--- Data for processing ---

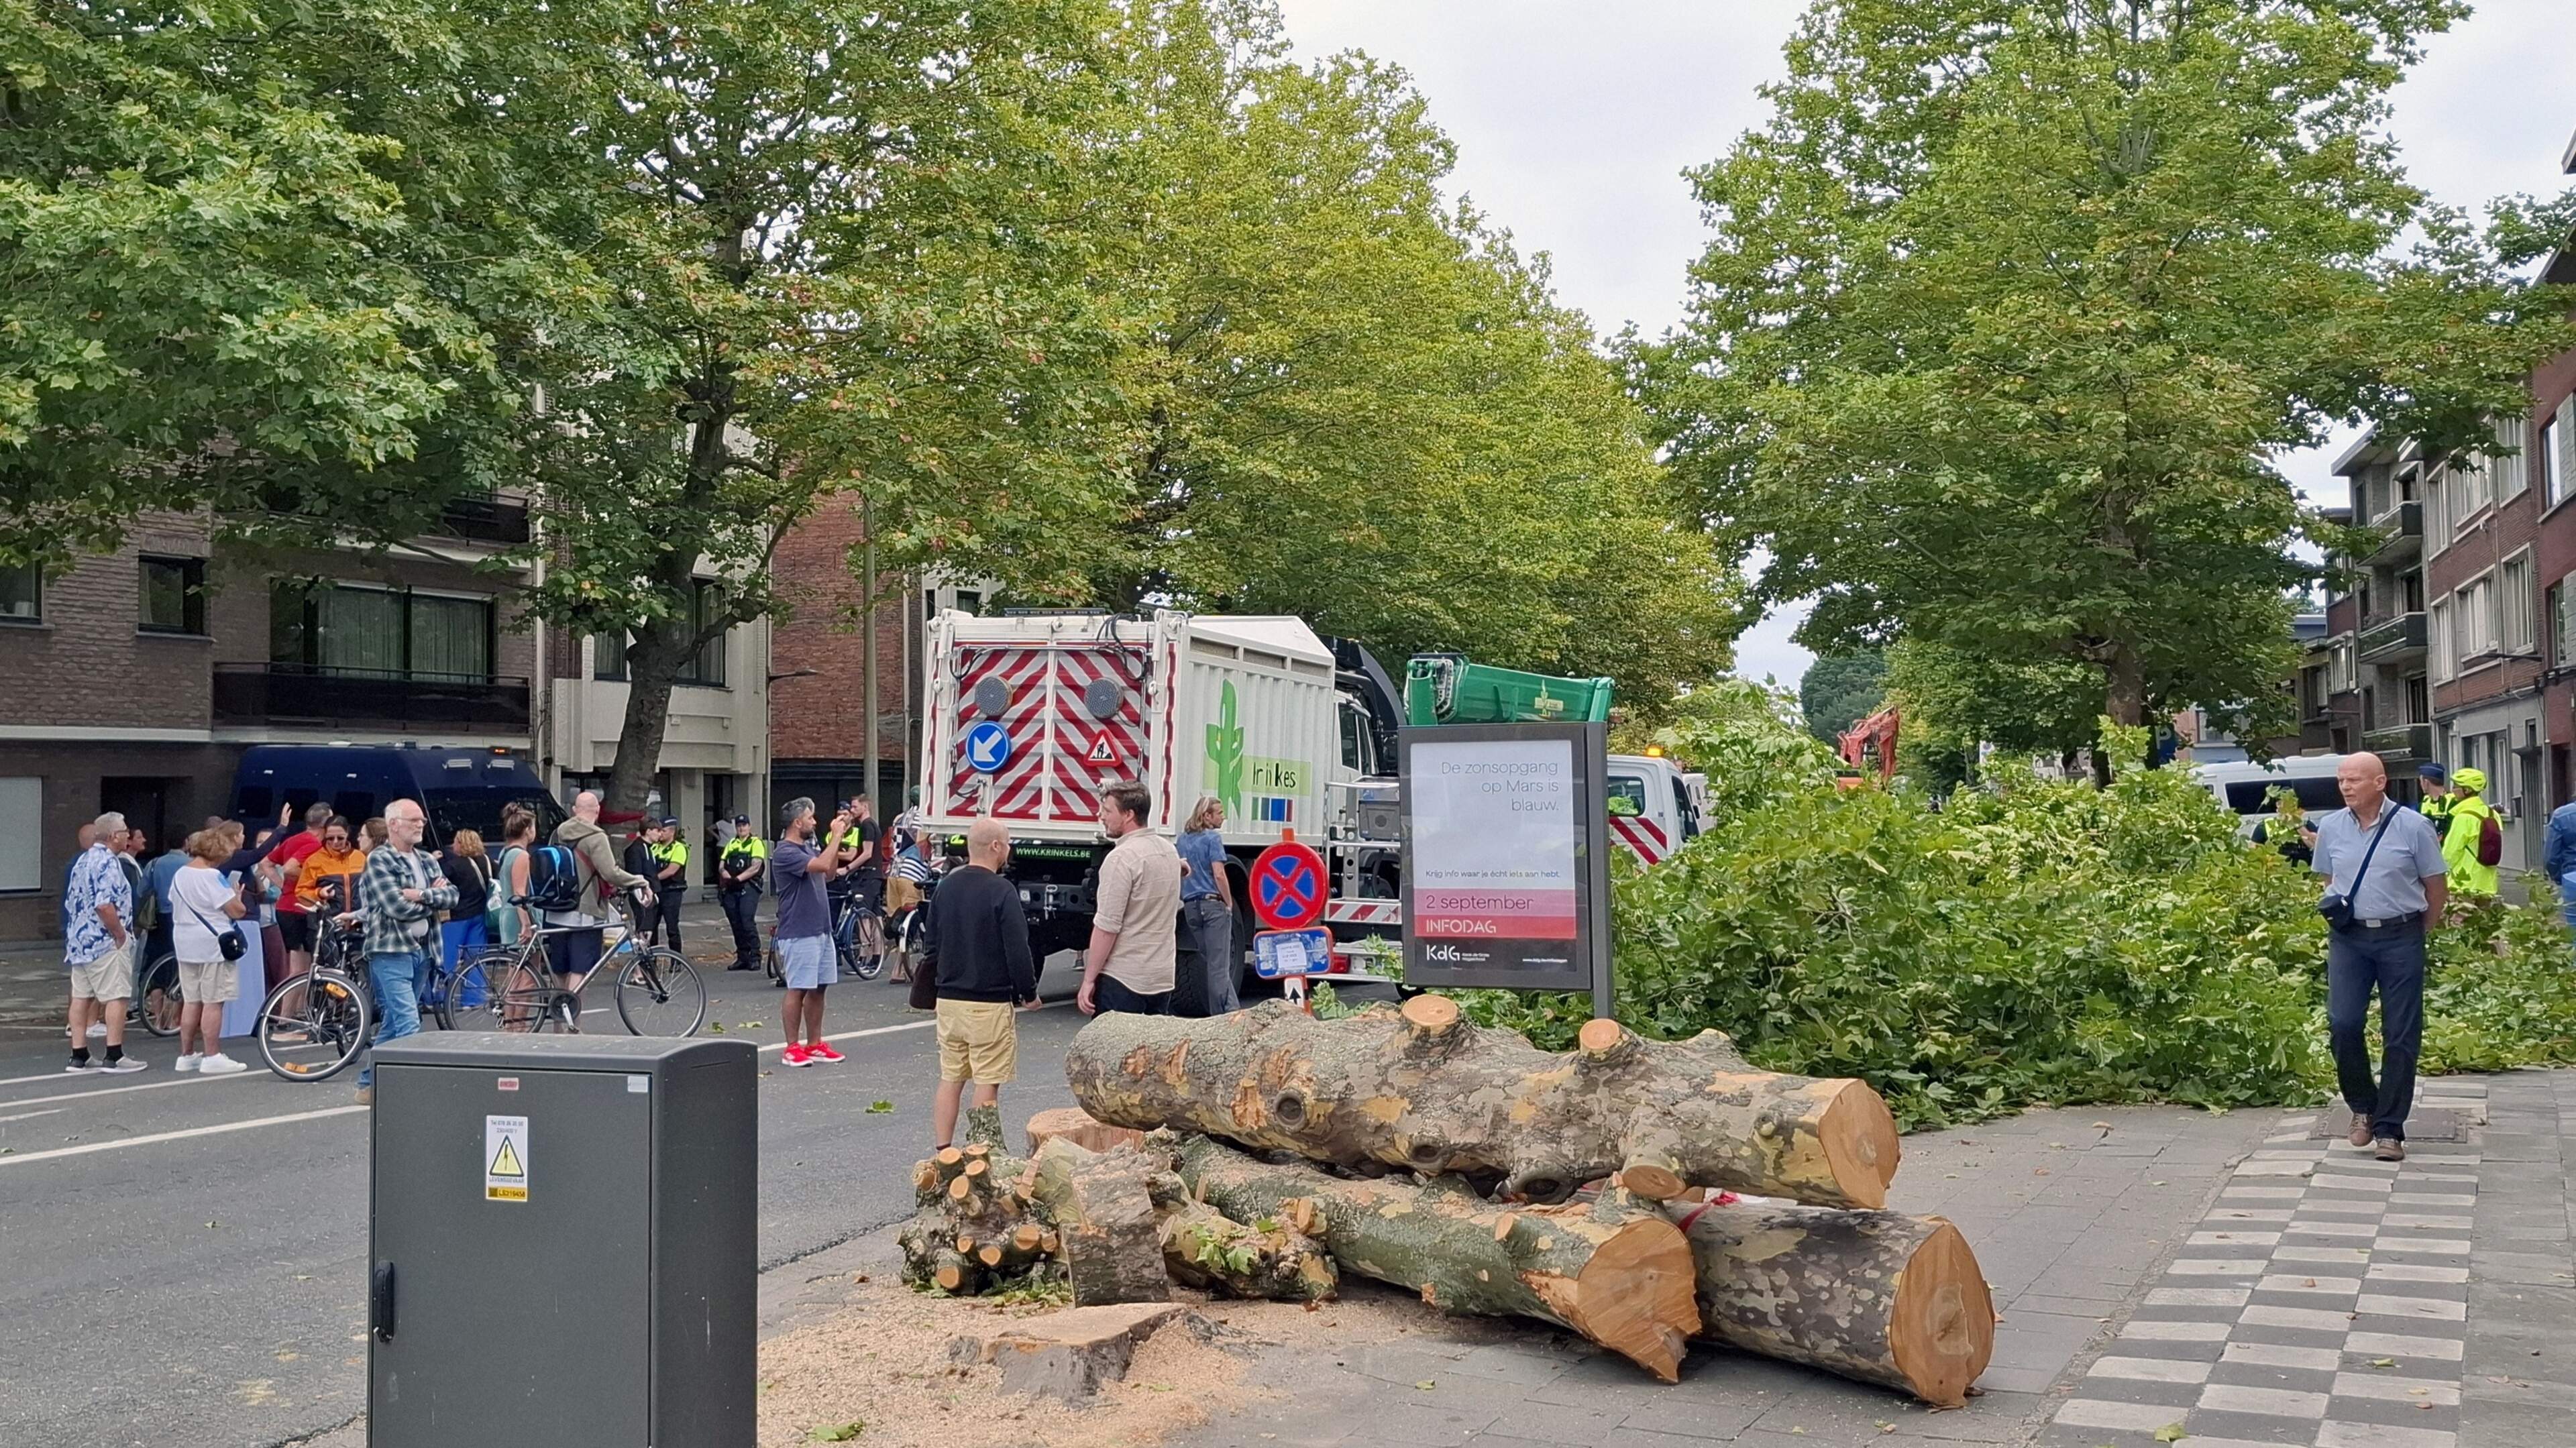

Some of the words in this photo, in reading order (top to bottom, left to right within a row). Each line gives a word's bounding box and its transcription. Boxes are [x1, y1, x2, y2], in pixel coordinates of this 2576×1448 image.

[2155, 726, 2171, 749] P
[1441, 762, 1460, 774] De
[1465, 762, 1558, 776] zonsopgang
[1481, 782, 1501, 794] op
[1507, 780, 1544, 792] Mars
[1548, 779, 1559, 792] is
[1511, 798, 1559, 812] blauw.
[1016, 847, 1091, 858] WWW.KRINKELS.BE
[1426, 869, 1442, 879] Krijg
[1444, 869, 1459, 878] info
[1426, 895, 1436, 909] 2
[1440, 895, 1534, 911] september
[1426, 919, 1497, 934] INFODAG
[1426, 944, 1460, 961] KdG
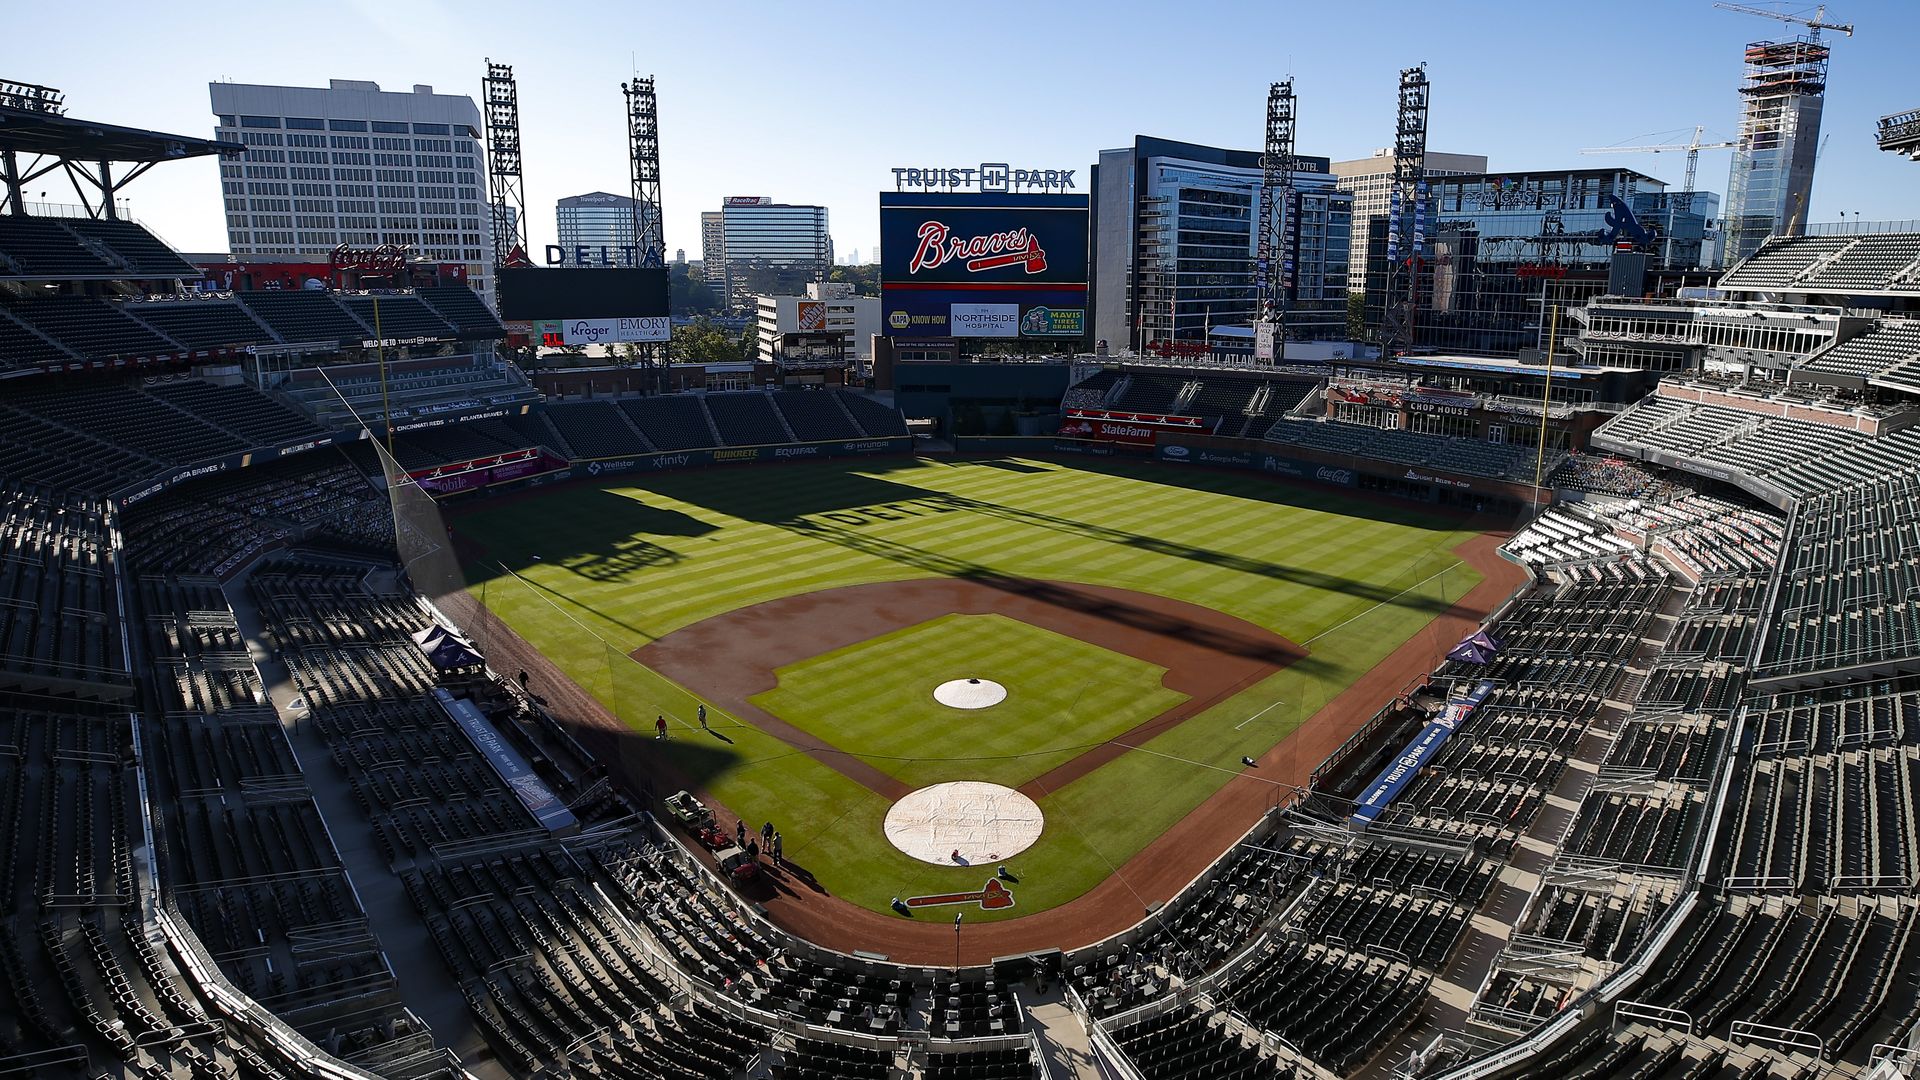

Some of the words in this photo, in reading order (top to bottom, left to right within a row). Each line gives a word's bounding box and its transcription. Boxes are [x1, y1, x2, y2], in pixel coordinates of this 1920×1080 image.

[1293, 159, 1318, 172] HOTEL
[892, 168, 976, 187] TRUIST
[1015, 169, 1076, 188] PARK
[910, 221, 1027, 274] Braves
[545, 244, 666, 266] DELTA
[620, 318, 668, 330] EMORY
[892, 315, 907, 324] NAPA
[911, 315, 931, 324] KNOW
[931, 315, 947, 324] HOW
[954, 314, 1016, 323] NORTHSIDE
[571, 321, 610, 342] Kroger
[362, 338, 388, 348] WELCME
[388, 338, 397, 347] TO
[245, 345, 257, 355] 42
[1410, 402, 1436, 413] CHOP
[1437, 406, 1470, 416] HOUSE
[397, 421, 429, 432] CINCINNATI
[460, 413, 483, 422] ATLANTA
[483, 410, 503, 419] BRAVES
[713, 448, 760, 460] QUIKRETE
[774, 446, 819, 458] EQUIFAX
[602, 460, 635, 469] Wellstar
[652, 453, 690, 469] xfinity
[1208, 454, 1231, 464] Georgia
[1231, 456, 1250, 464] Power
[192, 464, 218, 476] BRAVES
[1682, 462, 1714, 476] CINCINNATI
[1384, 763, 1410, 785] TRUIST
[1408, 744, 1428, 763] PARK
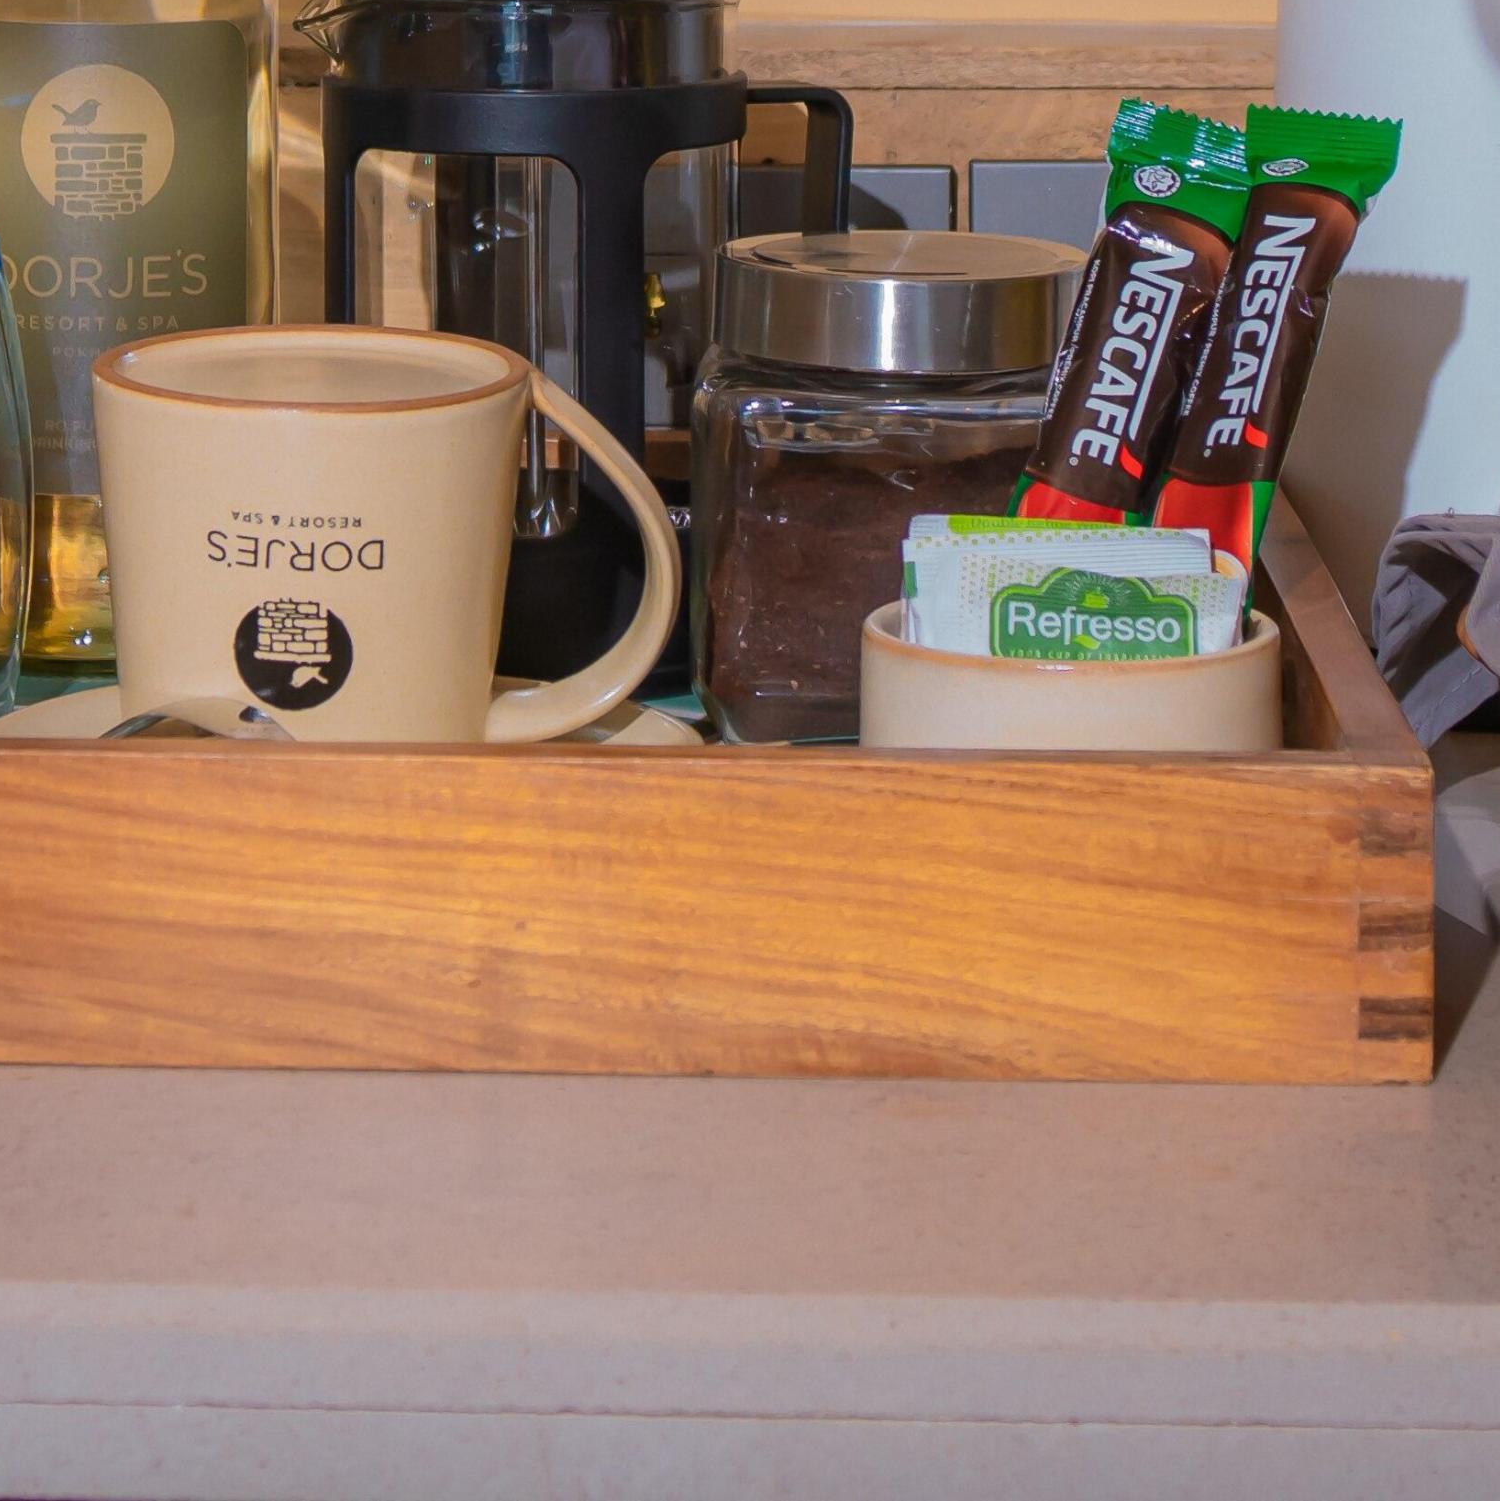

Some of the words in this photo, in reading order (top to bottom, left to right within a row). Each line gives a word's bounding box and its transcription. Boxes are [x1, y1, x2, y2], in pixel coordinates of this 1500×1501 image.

---

### Work instructions
From the line containing "this 1920×1080 image." down to the end of the listing above, every line is to be returned exactly, though the pictures are not.

### Finished task
Some of the words in this photo, in reading order (top to bottom, left to right within a row). Each line gives a word's bounding box and its transcription. Boxes are [x1, y1, x2, y2], in pixel coordinates of this 1920×1080 image.

[1293, 159, 1318, 172] HOTEL
[892, 168, 976, 187] TRUIST
[1015, 169, 1076, 188] PARK
[910, 221, 1027, 274] Braves
[545, 244, 666, 266] DELTA
[620, 318, 668, 330] EMORY
[892, 315, 907, 324] NAPA
[911, 315, 931, 324] KNOW
[931, 315, 947, 324] HOW
[954, 314, 1016, 323] NORTHSIDE
[571, 321, 610, 342] Kroger
[362, 338, 388, 348] WELCME
[388, 338, 397, 347] TO
[245, 345, 257, 355] 42
[1410, 402, 1436, 413] CHOP
[1437, 406, 1470, 416] HOUSE
[397, 421, 429, 432] CINCINNATI
[460, 413, 483, 422] ATLANTA
[483, 410, 503, 419] BRAVES
[713, 448, 760, 460] QUIKRETE
[774, 446, 819, 458] EQUIFAX
[602, 460, 635, 469] Wellstar
[652, 453, 690, 469] xfinity
[1208, 454, 1231, 464] Georgia
[1231, 456, 1250, 464] Power
[192, 464, 218, 476] BRAVES
[1682, 462, 1714, 476] CINCINNATI
[1384, 763, 1410, 785] TRUIST
[1408, 744, 1428, 763] PARK

Some of the words in this photo, in reading order (top to bottom, left to right within a row). Each line gives a word's bounding box and its transcription. Boxes are [x1, y1, x2, y2], in pixel coordinates of this 1500×1501 image.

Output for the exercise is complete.